The entries below must be reproduced exactly; their pictures are not part of the copy.

(RECORDS PROVIDED)

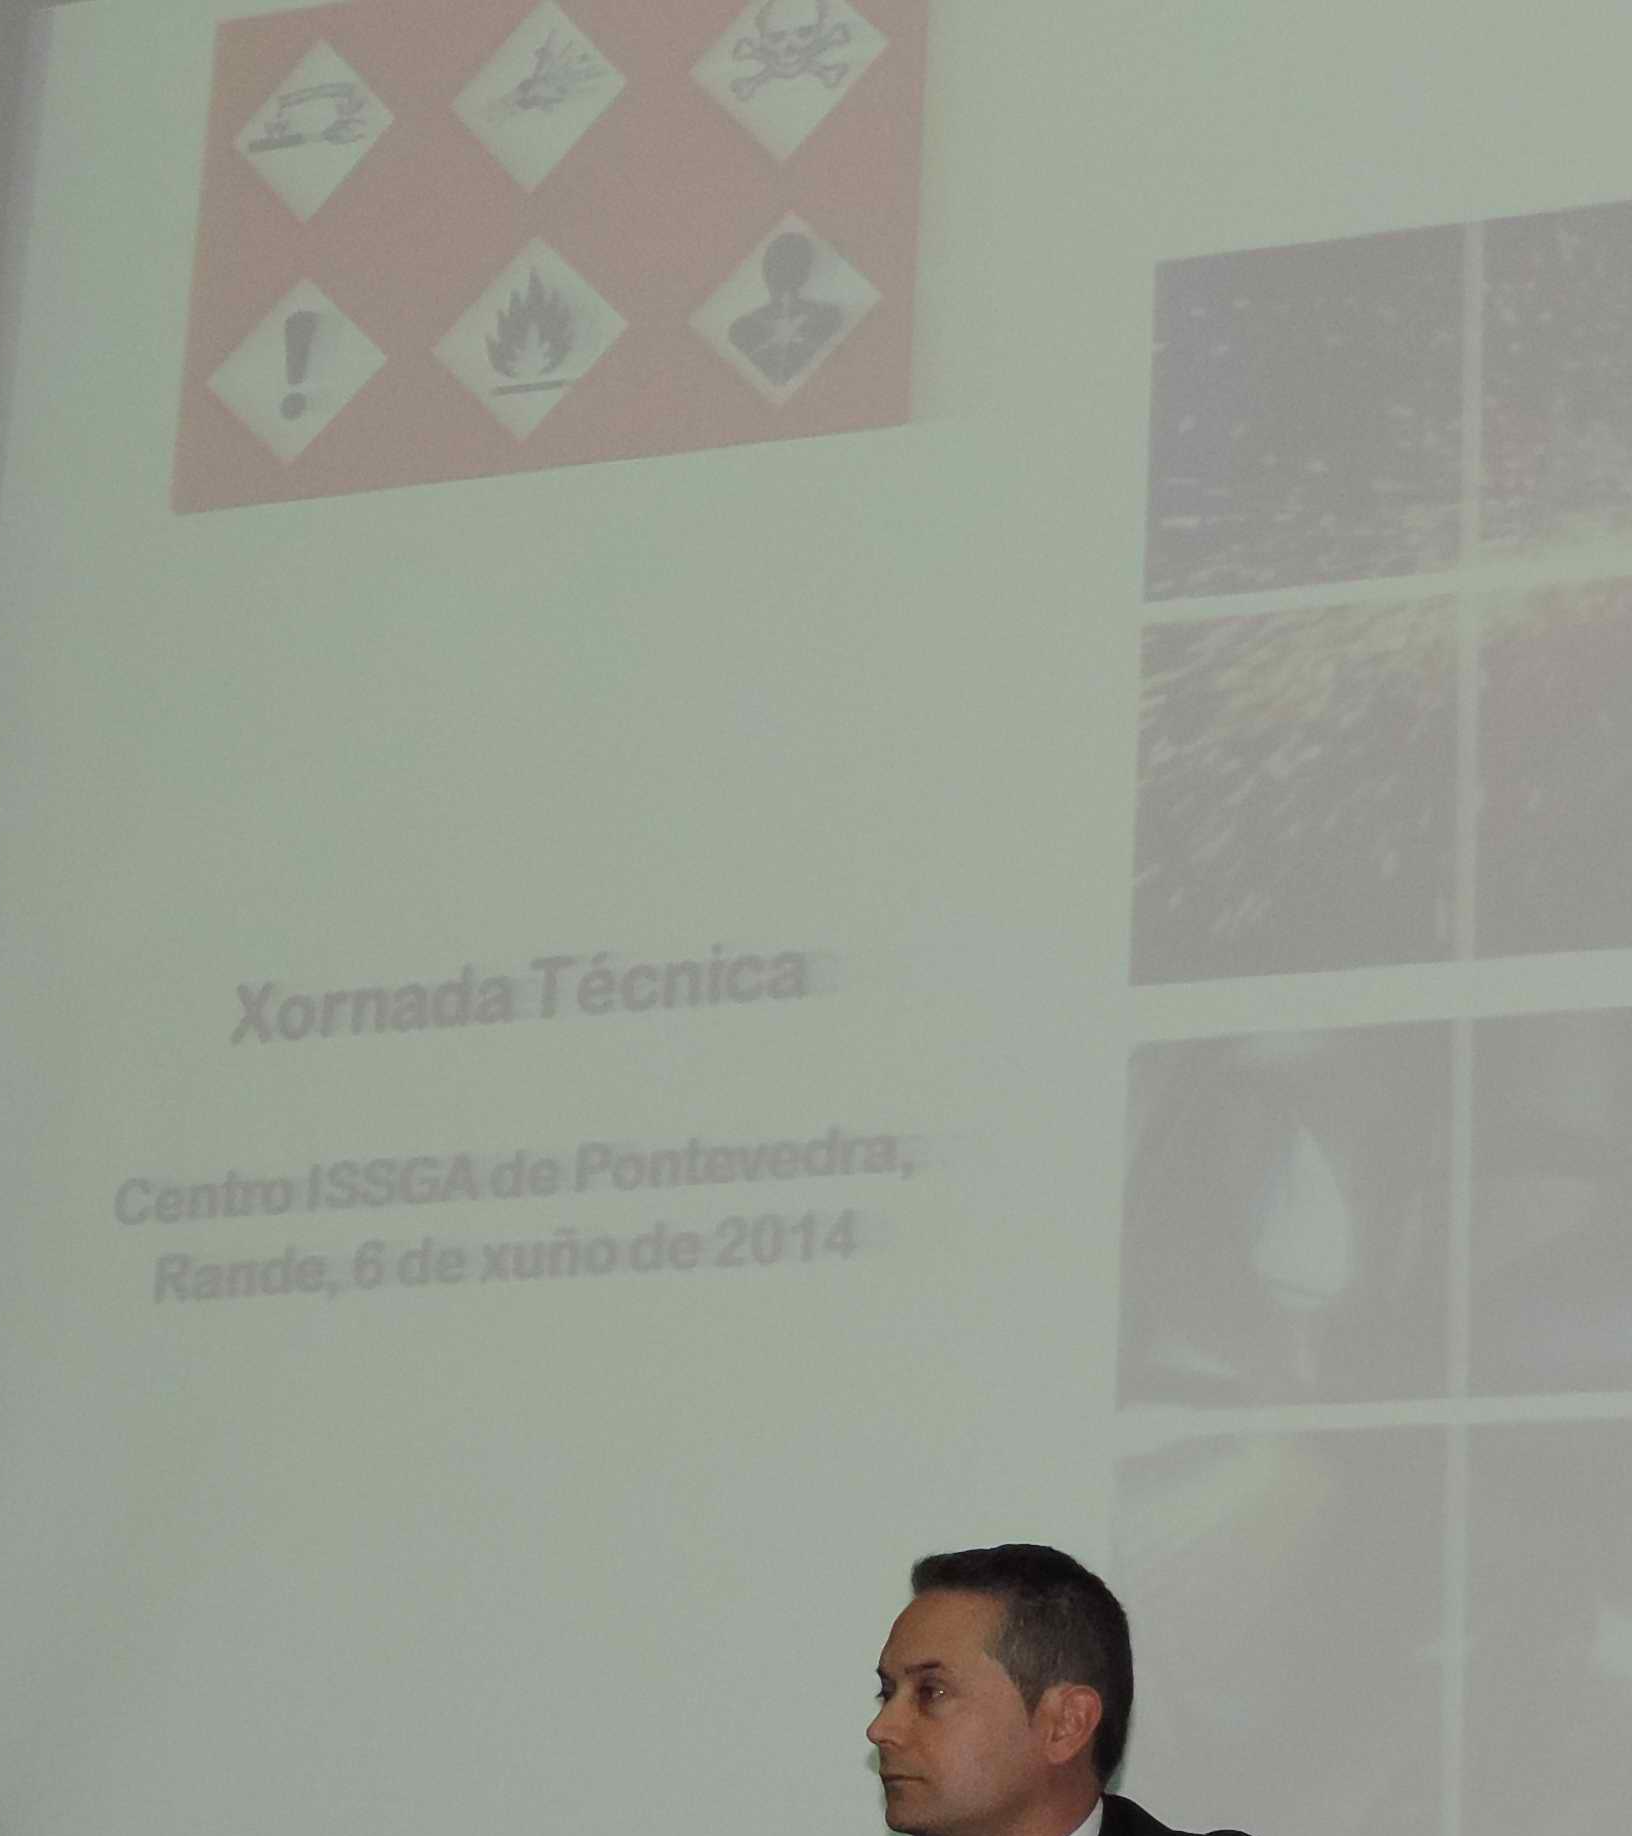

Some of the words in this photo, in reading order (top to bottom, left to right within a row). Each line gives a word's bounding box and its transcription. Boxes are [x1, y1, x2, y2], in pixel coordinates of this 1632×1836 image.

[230, 964, 515, 1045] Xornada
[530, 944, 811, 1020] Técnica
[114, 1170, 294, 1226] Centro
[306, 1154, 480, 1212] ISSGA
[489, 1150, 560, 1200] de
[575, 1125, 916, 1193] Pontevedra,
[153, 1246, 339, 1304] Rande,
[352, 1239, 385, 1290] 6
[396, 1236, 466, 1287] de
[479, 1226, 620, 1284] xuño
[629, 1220, 701, 1273] de
[714, 1208, 861, 1269] 2014
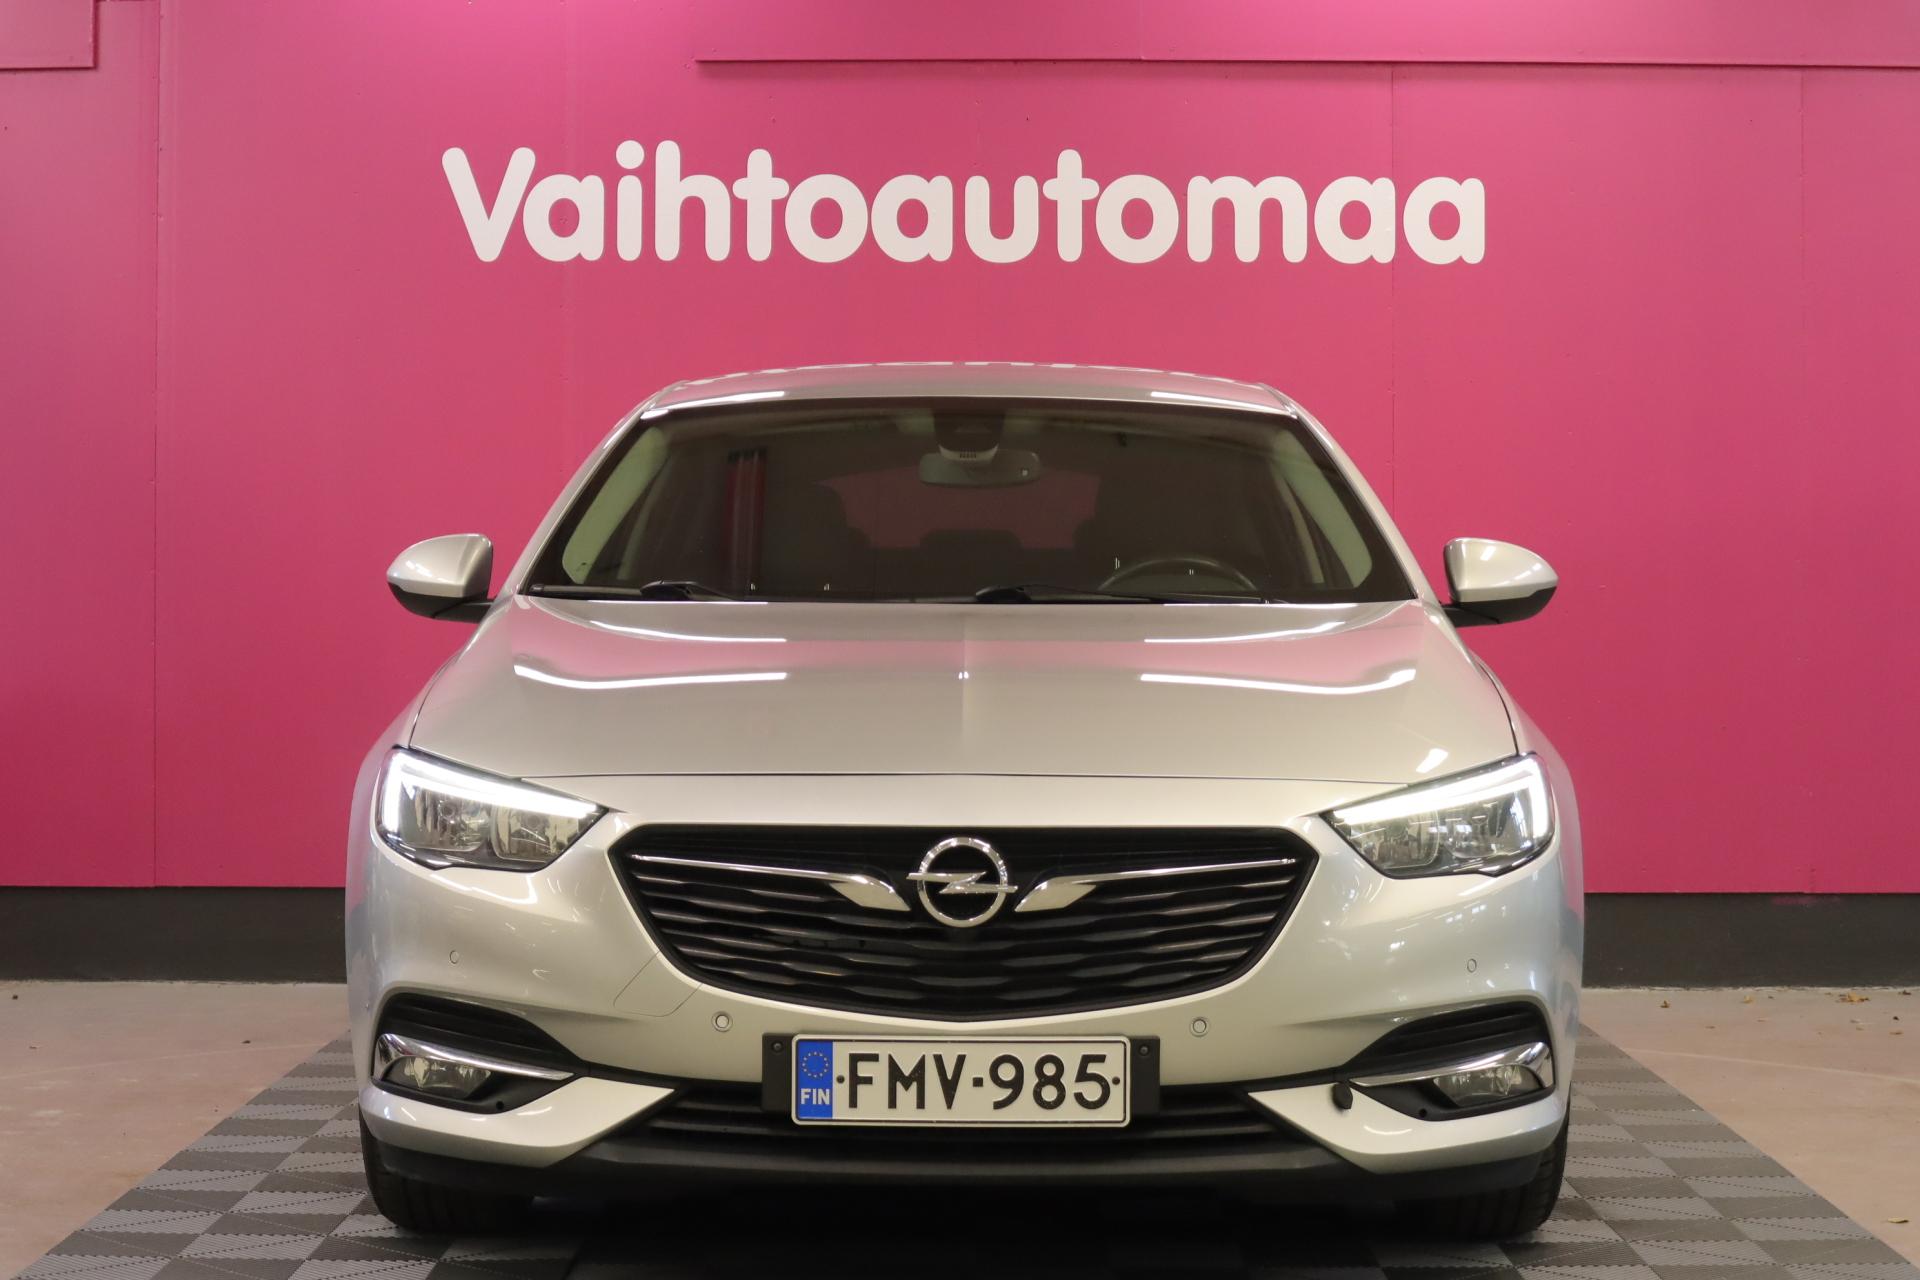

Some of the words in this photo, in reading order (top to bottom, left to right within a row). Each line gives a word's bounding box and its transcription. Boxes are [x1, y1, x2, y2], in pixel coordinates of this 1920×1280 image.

[442, 139, 1486, 265] Vaihtoautomaa
[800, 1088, 830, 1105] FIN
[848, 1052, 1111, 1110] FMV-985

(End RECORDS PROVIDED)

SOLUTION FOR THIS EXERCISE —
Some of the words in this photo, in reading order (top to bottom, left to right within a row). Each line gives a word's bounding box and its transcription. Boxes are [x1, y1, x2, y2], in pixel coordinates of this 1632×1836 image.

[230, 964, 515, 1045] Xornada
[530, 944, 811, 1020] Técnica
[114, 1170, 294, 1226] Centro
[306, 1154, 480, 1212] ISSGA
[489, 1150, 560, 1200] de
[575, 1125, 916, 1193] Pontevedra,
[153, 1246, 339, 1304] Rande,
[352, 1239, 385, 1290] 6
[396, 1236, 466, 1287] de
[479, 1226, 620, 1284] xuño
[629, 1220, 701, 1273] de
[714, 1208, 861, 1269] 2014

Some of the words in this photo, in reading order (top to bottom, left to right within a row). Each line gives a word's bounding box and its transcription. Boxes are [x1, y1, x2, y2], in pixel coordinates of this 1920×1280 image.

[442, 139, 1486, 265] Vaihtoautomaa
[800, 1088, 830, 1105] FIN
[848, 1052, 1111, 1110] FMV-985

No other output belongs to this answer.